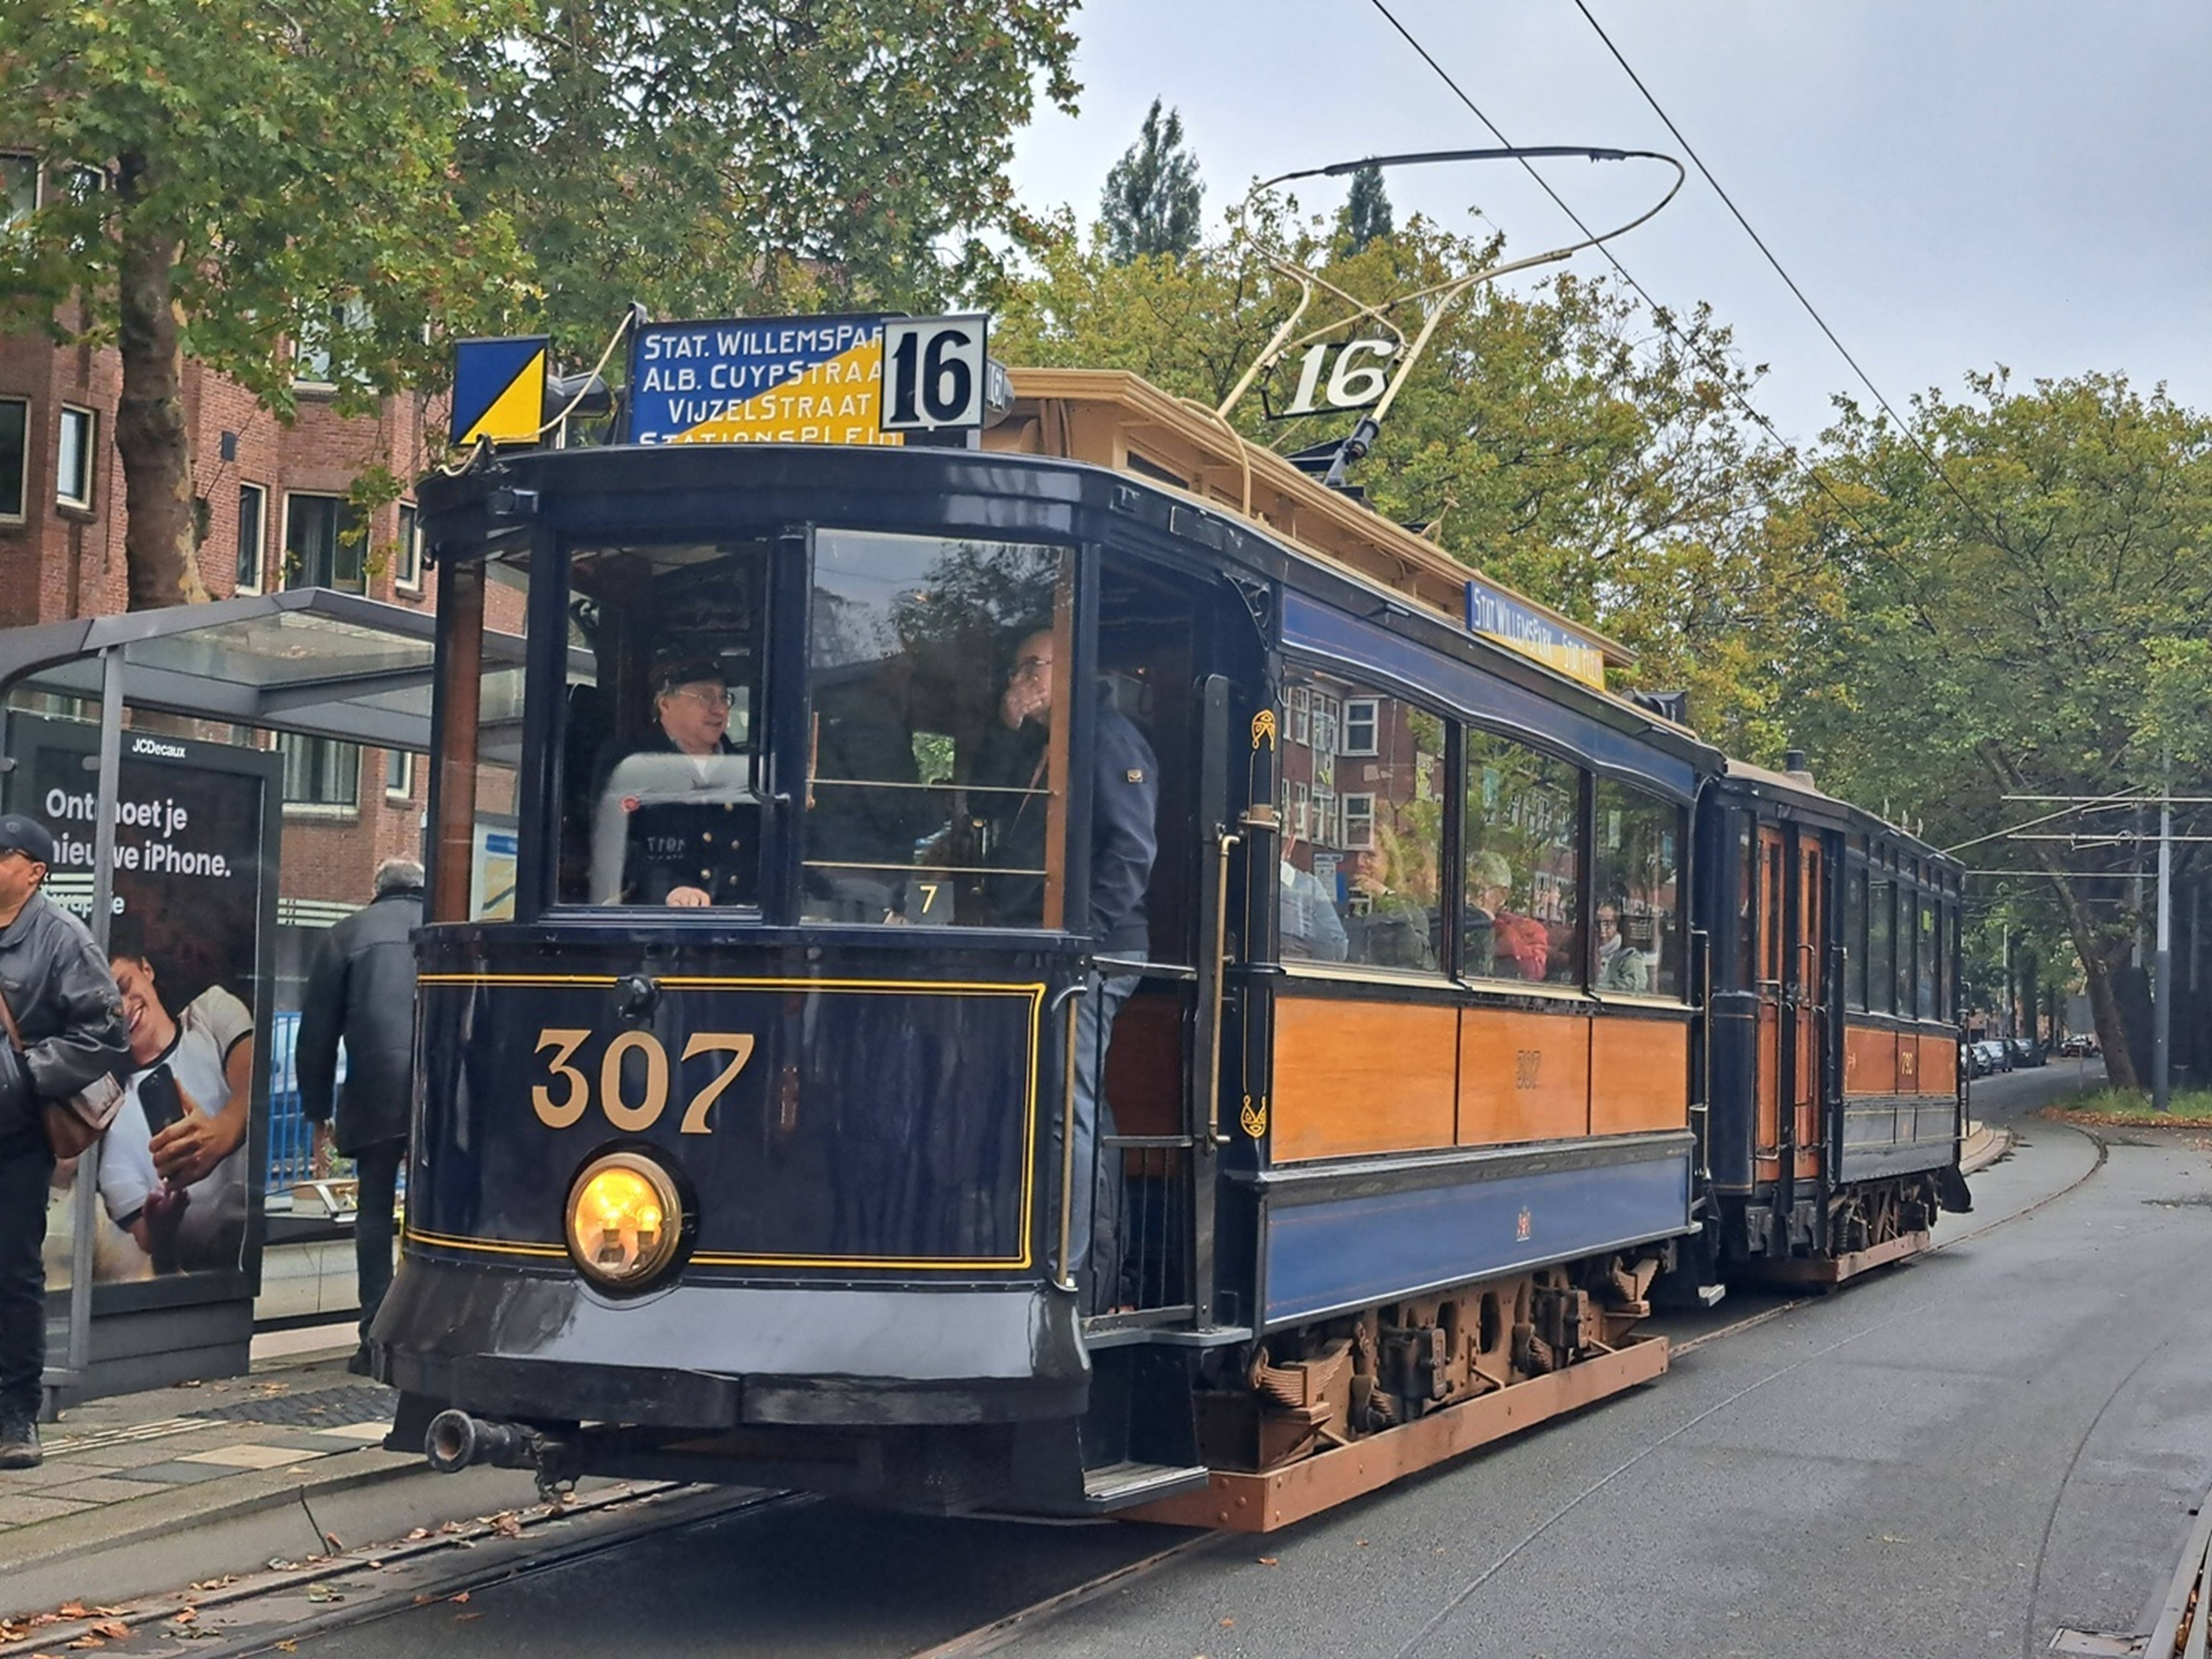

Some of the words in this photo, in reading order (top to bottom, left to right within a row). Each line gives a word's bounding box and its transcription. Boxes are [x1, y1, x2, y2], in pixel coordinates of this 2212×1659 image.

[644, 335, 709, 360] STAT.
[643, 366, 702, 392] ALB.
[890, 330, 971, 423] 16
[1283, 339, 1393, 415] 16
[668, 393, 871, 423] VIJZELSTRAAT
[132, 738, 185, 758] JCDecaux
[164, 799, 188, 838] je
[144, 840, 232, 877] iPhone.
[919, 885, 937, 914] 7
[532, 1028, 754, 1134] 307
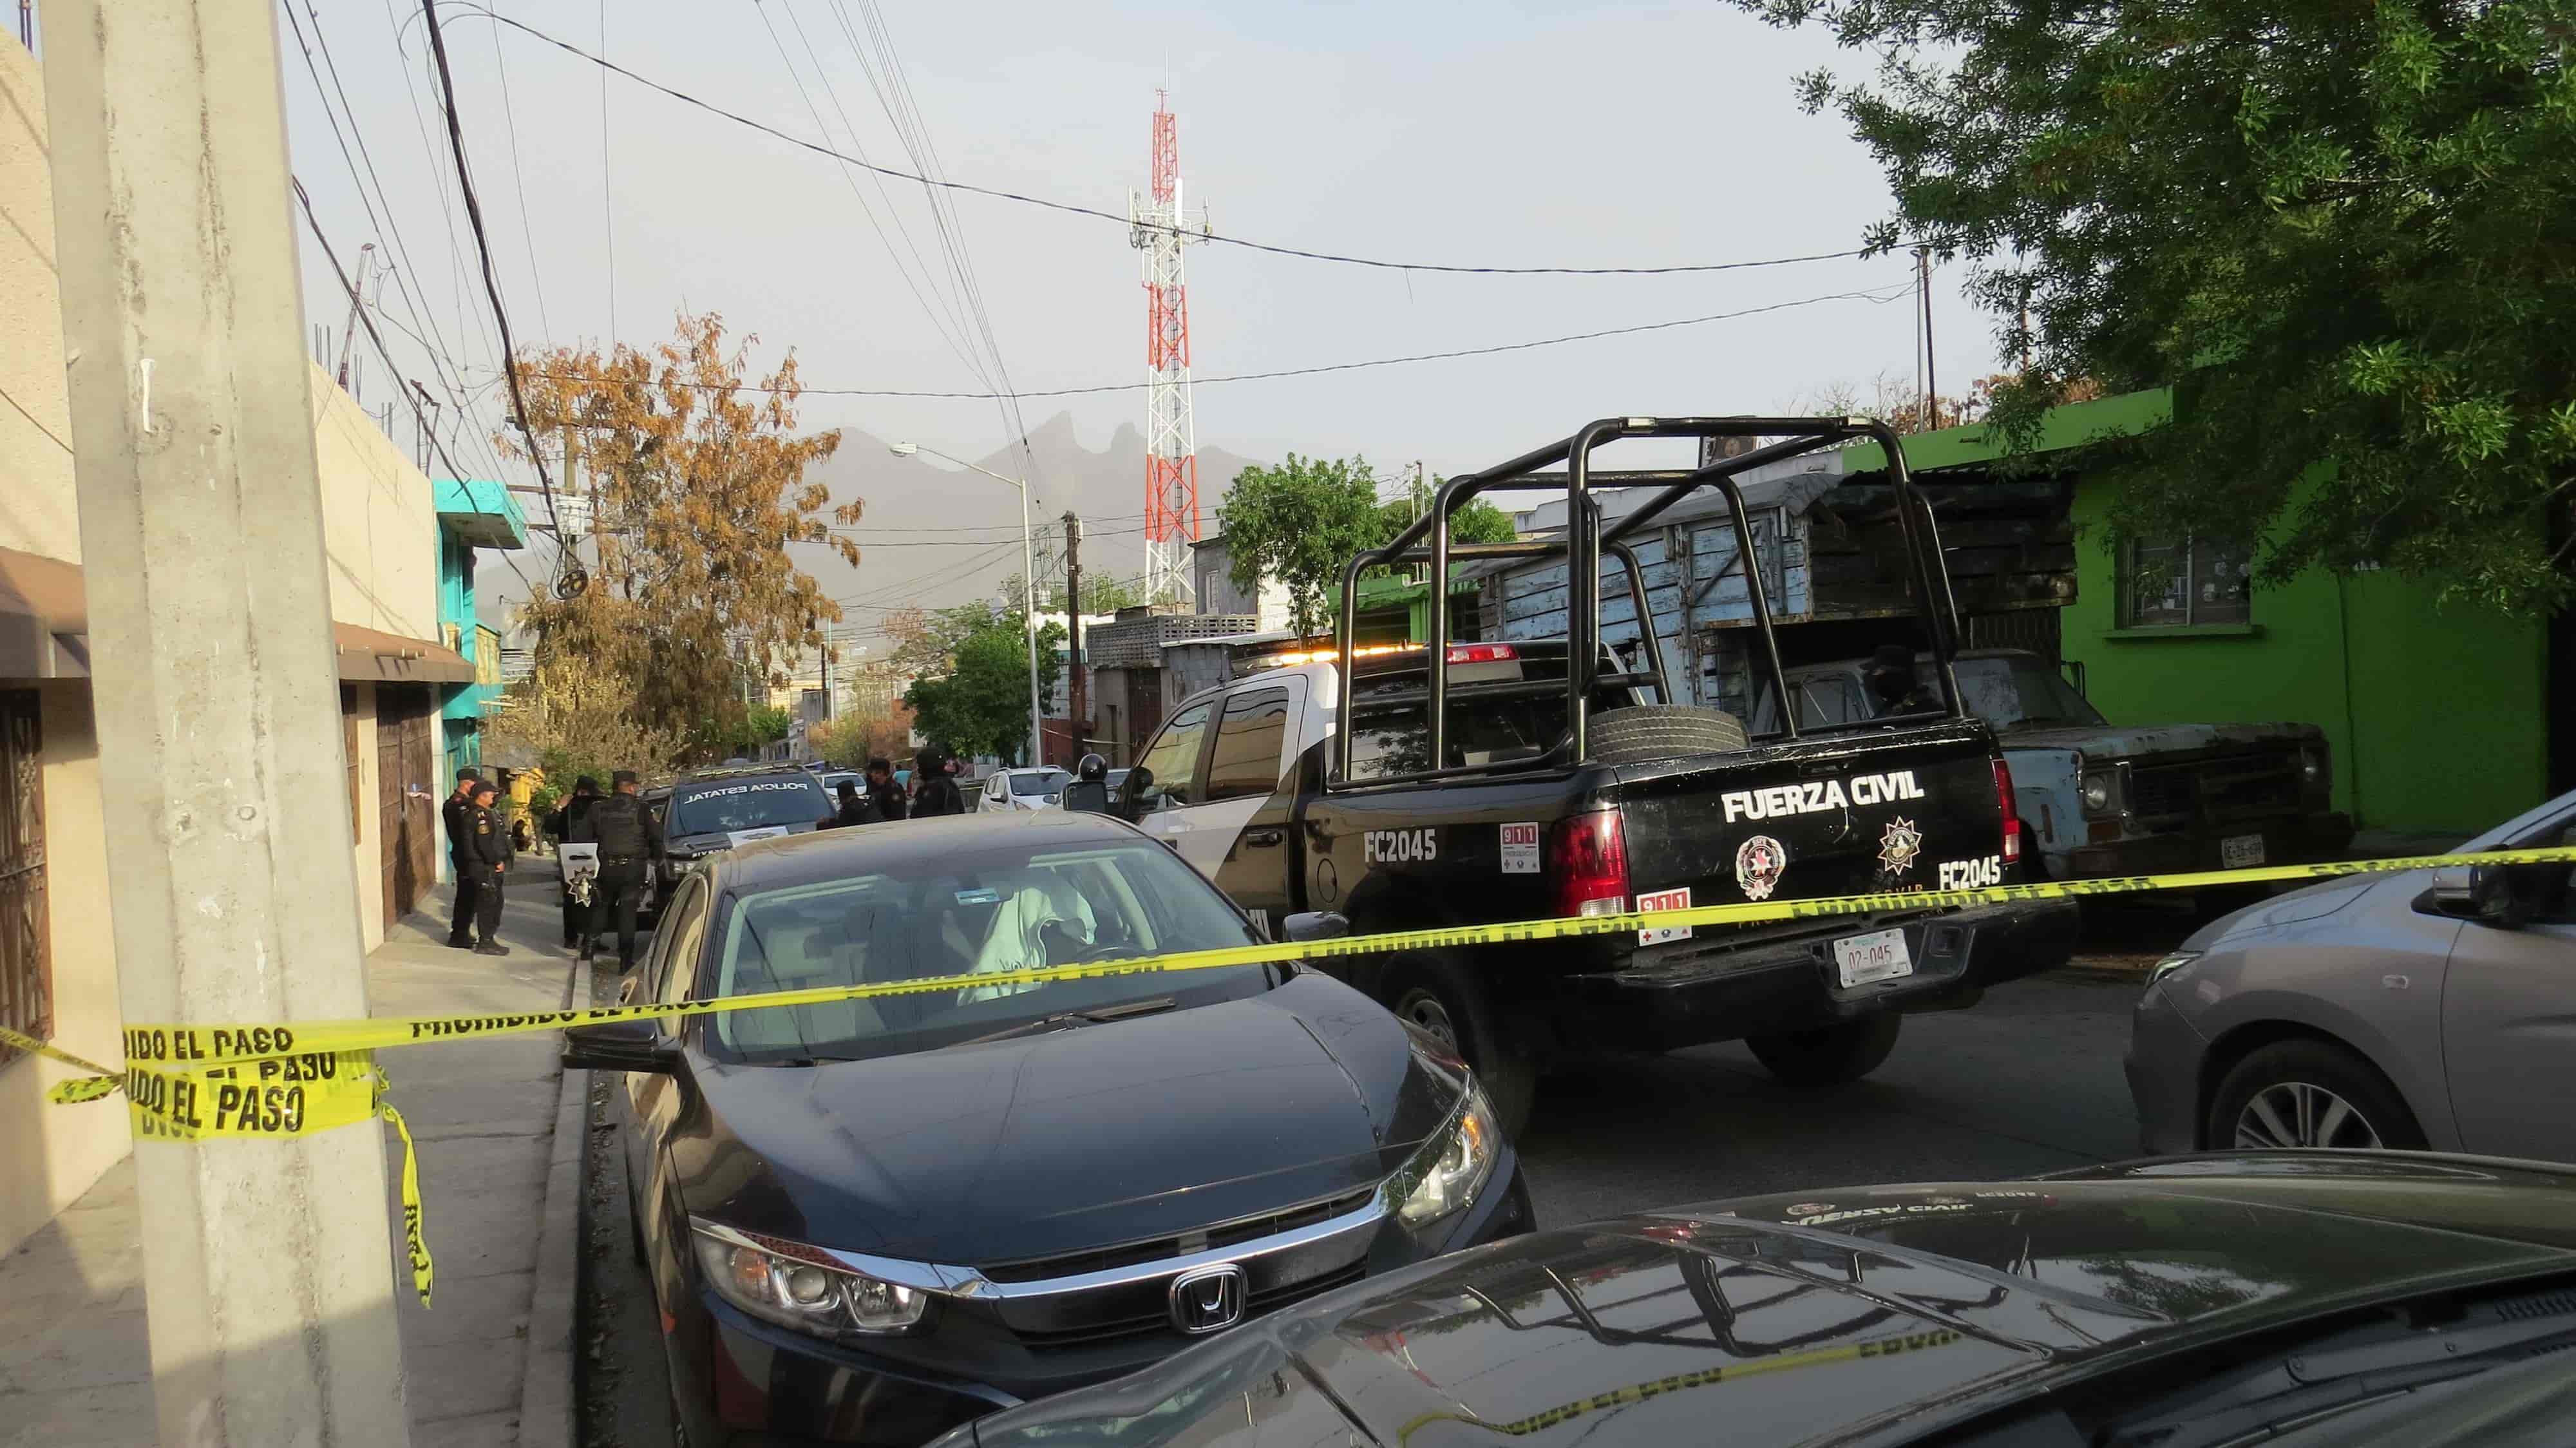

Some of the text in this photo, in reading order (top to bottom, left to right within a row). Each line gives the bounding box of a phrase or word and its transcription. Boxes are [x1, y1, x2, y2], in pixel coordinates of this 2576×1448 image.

[1721, 770, 1925, 823] FUERZA CIVIL
[1363, 828, 1437, 862] FC2045
[1504, 828, 1534, 843] 911
[1938, 855, 2001, 891] FC2045
[1643, 894, 1684, 913] 911
[174, 1030, 205, 1060] EL
[213, 1027, 294, 1058] PASO
[173, 1079, 202, 1129] EL
[216, 1084, 305, 1132] PASO
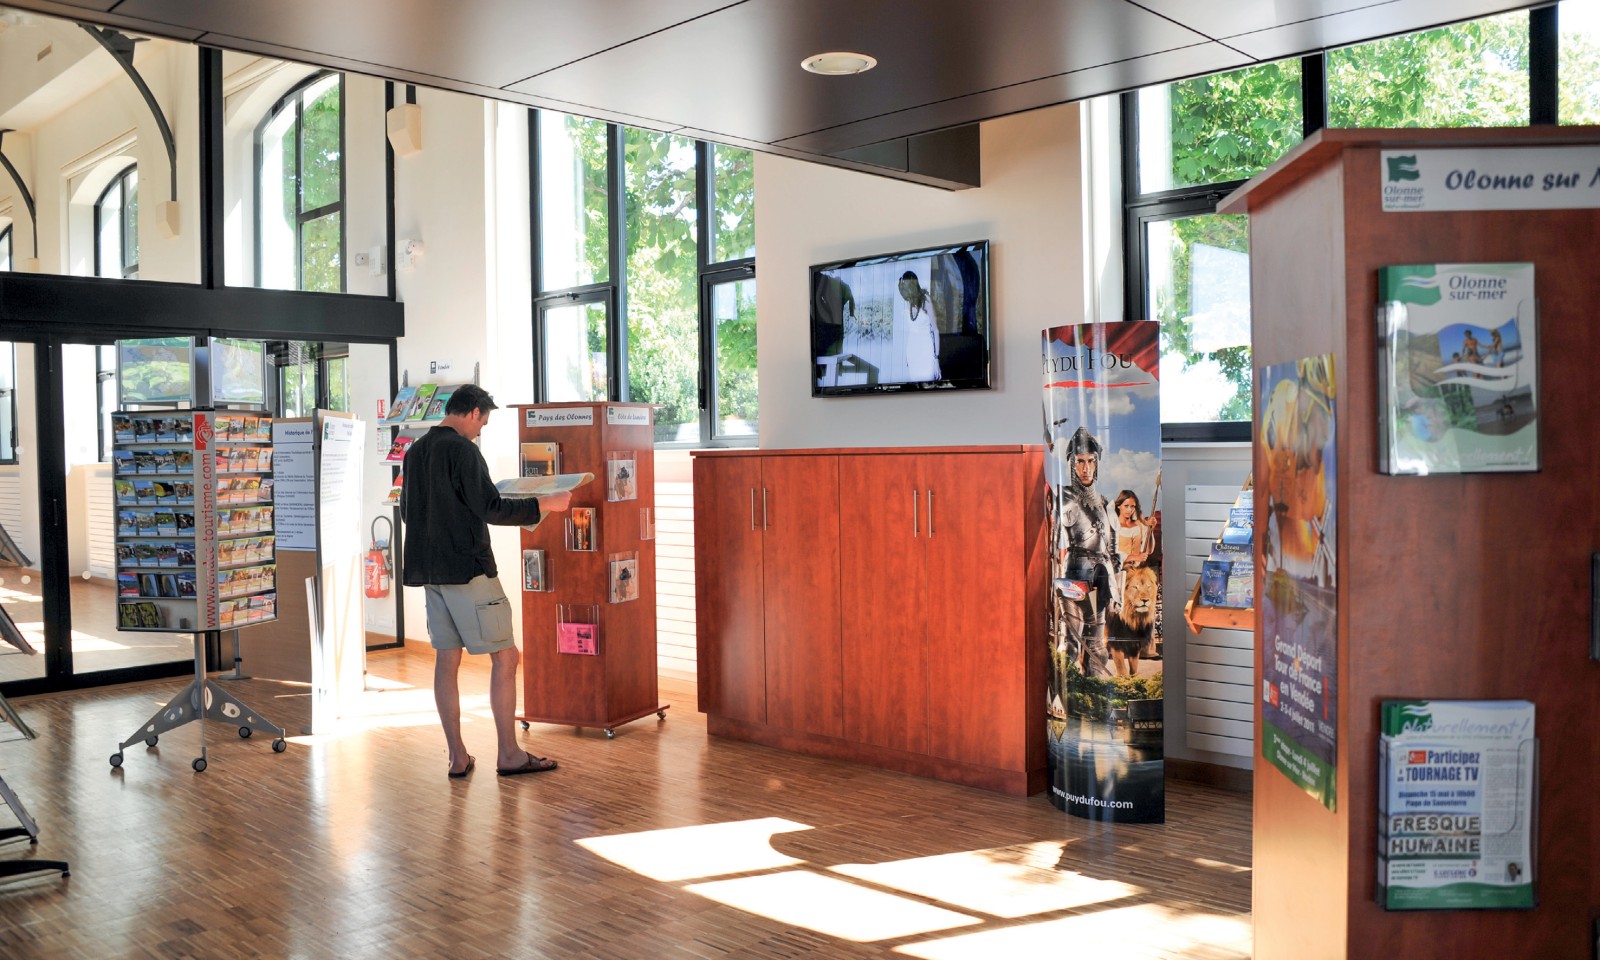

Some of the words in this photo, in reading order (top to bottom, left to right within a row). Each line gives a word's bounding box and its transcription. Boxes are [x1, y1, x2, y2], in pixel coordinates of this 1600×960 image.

•••••

### Assigned task
Repeat word for word the lines starting at the one with "Some of the text" and ending at the final line of the records above, both included; no pictures.

### Solution below
Some of the text in this photo, in reading order (top to bottom, left to right within a row). Each line gives the bounding box of a phrase or word and its transcription. Boxes are [x1, y1, x2, y2], in pixel coordinates of this 2576×1448 image.

[1721, 770, 1925, 823] FUERZA CIVIL
[1363, 828, 1437, 862] FC2045
[1504, 828, 1534, 843] 911
[1938, 855, 2001, 891] FC2045
[1643, 894, 1684, 913] 911
[174, 1030, 205, 1060] EL
[213, 1027, 294, 1058] PASO
[173, 1079, 202, 1129] EL
[216, 1084, 305, 1132] PASO

Some of the words in this photo, in reading order (top to bottom, left to right within a row). Each line gives a word's bounding box and its transcription. Boxes are [x1, y1, x2, y2], in pixel coordinates of this 1600×960 image.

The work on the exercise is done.